Toss in storage, both disk and tape products, which declined 11 percent in the first quarter, and it was a pretty disappointing three months for Systems and Technology Group, which saw external revenues (for chips, servers, networking gear, and storage sold to companies and resellers) fall by 17.2 percent to $3.11 billion. IBM had a total of $3.21 billion in STG sales in the quarter if you count iron that it sells to other IBM divisions and groups (such as appliances), then it was $3.23 billion. The trouble is that IBM’s pretax losses widened to $405 million in Q1 2013, compared to a loss of $105 million in the year-ago period.
It would have been better to have gotten Power7+ chips in the field at the end of 2011 or in early 2012, ahead of the System zEnterprise EC12 mainframe launch last summer, and this was more or less the plan (as expressed by those Power7′ or Power7 Prime machines). But it did not come together or was changed.
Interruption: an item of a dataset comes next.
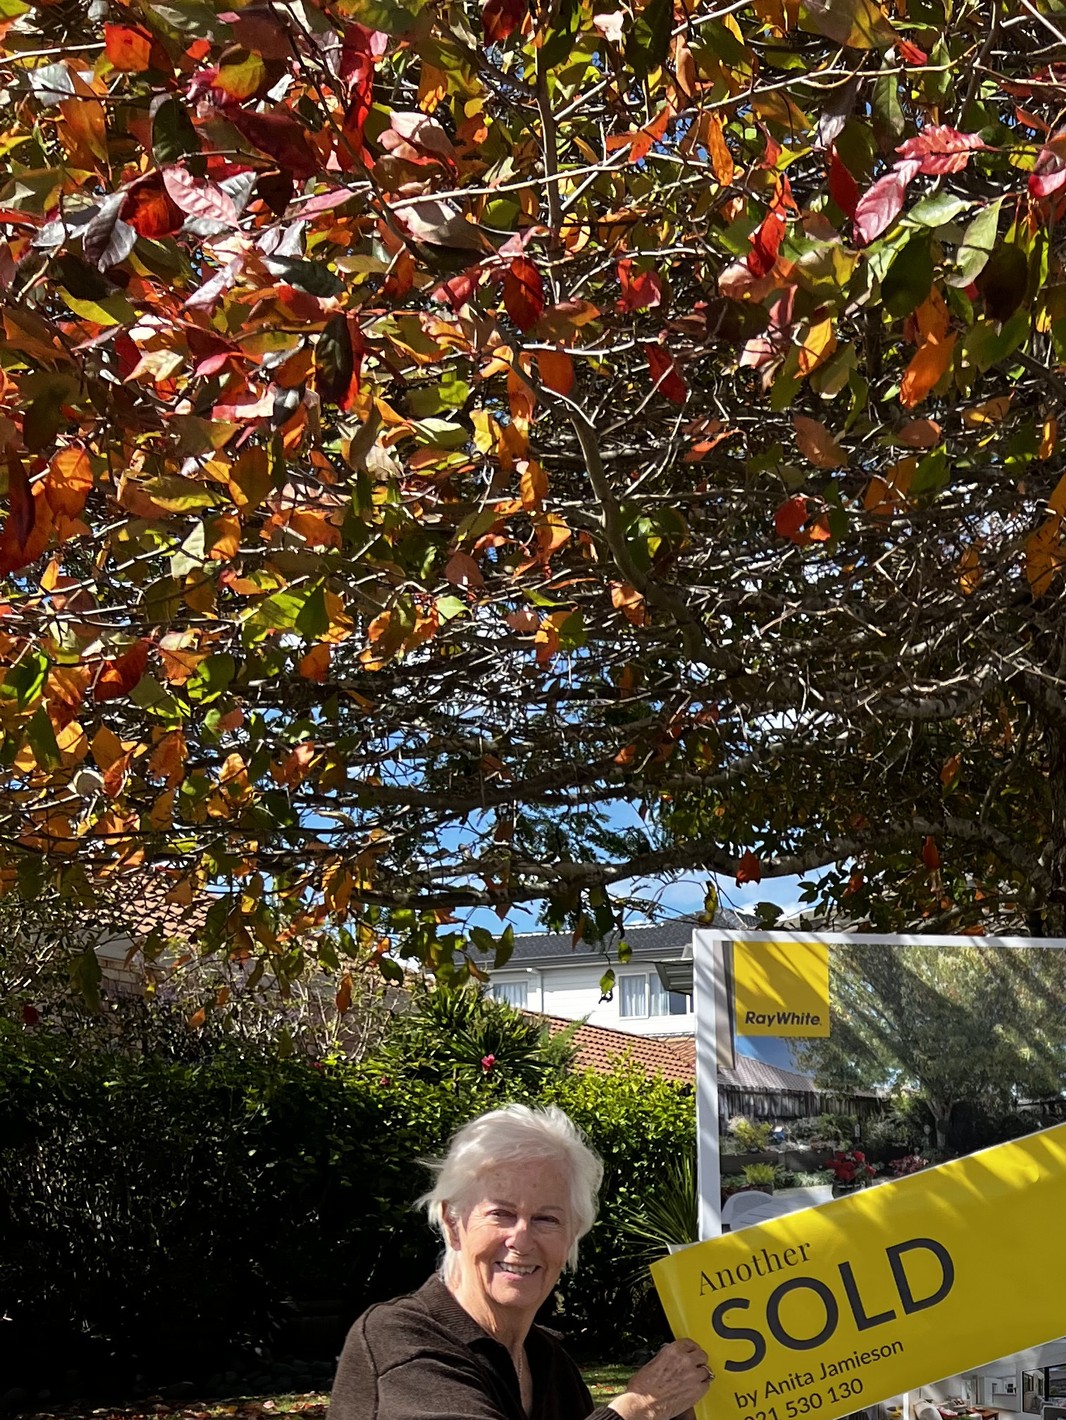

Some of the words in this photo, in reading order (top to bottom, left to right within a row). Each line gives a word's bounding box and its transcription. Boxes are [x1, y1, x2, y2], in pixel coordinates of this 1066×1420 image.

IBM needs to get out in front of Intel, not follow it, and Power7+ followed Xeon E5 in the core two-socket workhorse server. (Power7+ in the Power 770+ and Power 780+ machines did better than the “Sandy Bridge-EX” Xeon E7, which never saw the light of day last year.)
Software Group posted revenues of $5.57 billion in the quarter, down a half-point from a year ago, and after peddling another $831 million on wares to other IBM divisions, it was able to book a pre-tax income of a shade over $2 billion in the quarter. The five key branded products–you know them by heart already, but it includes WebSphere, Tivoli, Rational, Information Management and now Social Workforce Solutions (formerly known as Lotus)–brought in $3.51 billion, up a point. Operating system sales came to $578 million and fell 2 points, and the other bits of the Software Group portfolio (which includes mainframe and IBM i add-ons) we down a tiny bit to $1.1 billion.
Sales at Global Services was down 3.9 percent to $14.1 billion, with $2.29 billion of pre-tax income. IBM has a backlog of $141 billion of services deals on the books, which is up a point from a year ago. All of its various units in Global Services–outsourcing, integrated technology services, maintenance, application outsourcing, and consulting and integration–were down in the quarter. Global Financing had $499 million in external revenues and twice that when you add in financing it did for other IBM divisions, and posted a $538 million pre-tax profit.
At some point, with IBM constantly shrinking, even with expanding profits, some people who think of IBM as a bellwhether are going to get freaked out and think something is messed up in the IT sector. Maybe there is something messed up. If IBM thought the transition from mainframe to client/server was bad, at least there was some profits left. The combination of commodity hardware, virtualization, and cloud computing is increasing efficiencies, and that is great, but it is also squeezing profits from the IT machine and every industry needs profits. IBM wanted to be in services, but it might have picked the wrong kind in the long run. The Google search engine and advertising empire is getting close to the same size as IBM itself, just to name one.